Zaida del Río
To Approach Zaida del Rio and understand her esthetic universe, you must close your eyes and open up your senses. The most contrasting thing of all is that you face one of those beings who appears to be on a fleeting mission on Earth, barely touching the planet. This is a spontaneous and sincere woman, so convincing with her esthetic codes that words are rendered meaningless in describing our impressions. And no camera can capture this halo of shapes the artist revolves in. Regardless of all that's been said, she keeps both feet on the ground, maybe weaving her way into the earthly depths and interacting with the sap that nourishes its roots.
Her works are the for the whole wide world to see. Trying to cotton on to them through other ways would only profane compositions in which slight strokes of brush and unthinkable chromatic outlays sometimes make up works hard to grapple with to a naked eye, works in which esthetic manifestations of many civilizations seem to melt into her many-sided richness.

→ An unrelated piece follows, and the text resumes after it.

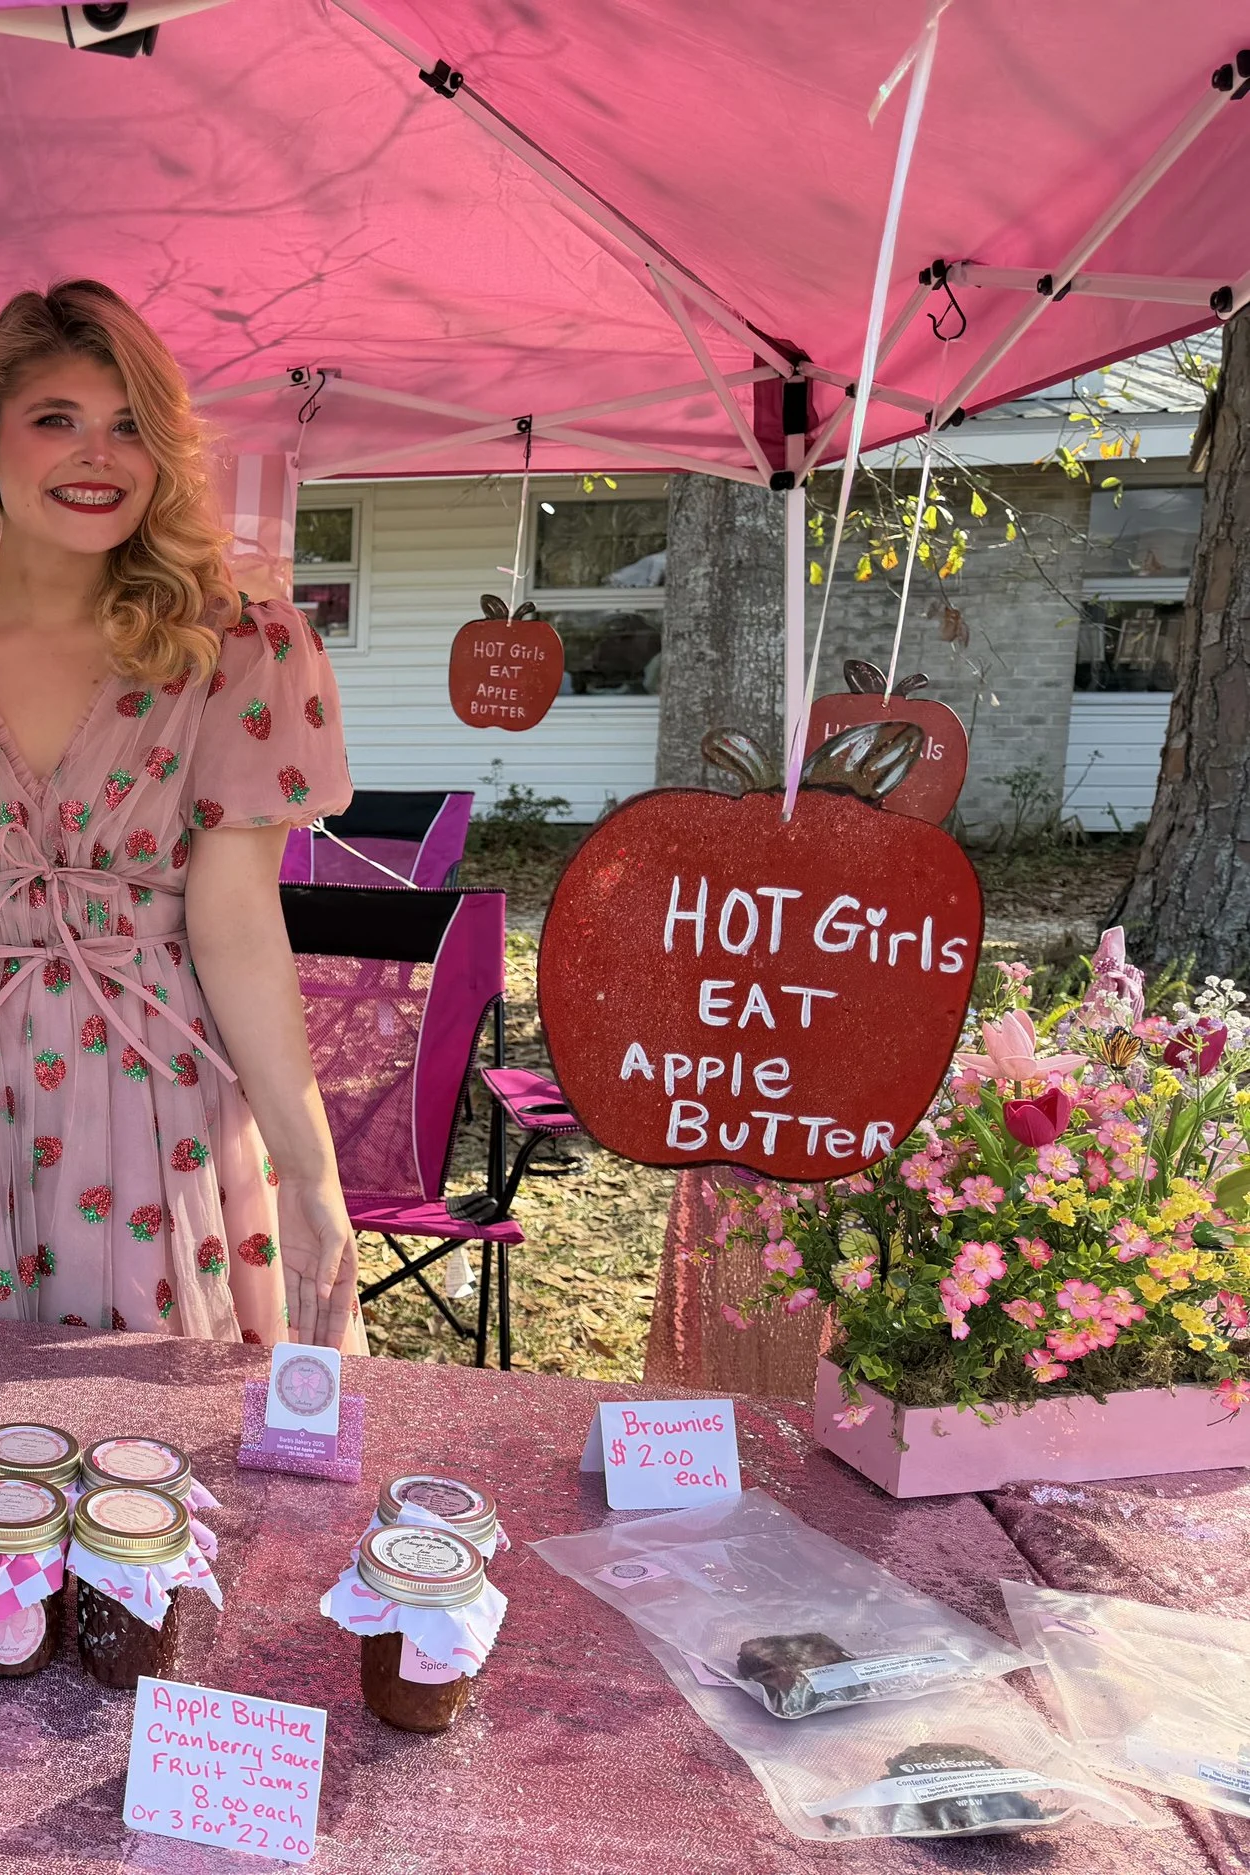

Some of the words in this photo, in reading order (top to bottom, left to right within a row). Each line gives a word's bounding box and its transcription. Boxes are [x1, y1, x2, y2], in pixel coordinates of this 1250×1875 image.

The human body as an esthetic core Back in the mid 1970s, Zaida del Rio started to unveil her esthetic cosmos through her very first exhibits. “There was a time when I worked on the rural landscape, earthly stories, dreams, whatever I had inherited from my childhood. I liked picking one topic, studying it and going deeper into it.”
On the different stages of her work, she explains: “There's no major change in the figurative projection but rather in the topics. First, it was all about animals. Then, characters that disguise in their encounter with the public. Later on, I spent some time working on religious matters.” The outcomes of this huge creative phase was shown off in Triptychs, an award-winning exhibition in Japan and Egypt.
However, about the bird-woman –a topic she began working on ten years ago- Zaida says it was not a topic she mulled over but rather a popup. The artist cooked up a story about herself and there are times when she has grown to identify herself with this freely expressed figure. “Right now, I don't think of who I am, nor I respond to one particular code. I just want to paint my feelings. Nor I can't explain rationally why I spent so long painting only in black and white, and why gaudiness overtook my work all of a sudden. The point is that I usually respond to a subconscious that's hard to unfurl.”
As to her latest creative stage to date, Zaida broaches issues that strike her attention mightily such as the zodiac, angels and otherworldly spirits. Above her many topics, though, there's an overpowering presence in her entire career: human beings, naked man and women as the interconnecting core of all visible and hidden forces that spin around the universe.
Revealed secrets Zaida del Rio's work has given rise to hypothetical interpretations, speculations and critical appraisals that she knocks down in anticipation through a wording that underscores both the mystery and the magic of artistic creation:
“I don't define a particular trend or style in my work, nor I use symbols. Neither the bird-woman, the moons, the leaves nor anything that appears to be a symbol to me. Those are elements with a life of their own, living inside of me and in everything around me.”
Zaida has also tried her hand at illustration for books and compact discs, in making murals and in the fledgling linkage between artistic creation and dancing. The artist lives in perfect harmony with her inner self because she feels she's come to this life to be a painter. Even though she doesn't lay bare any projects in the pipeline, we know she will soon stun us with new works, new creations that remain untold in her own esthetic cosmos.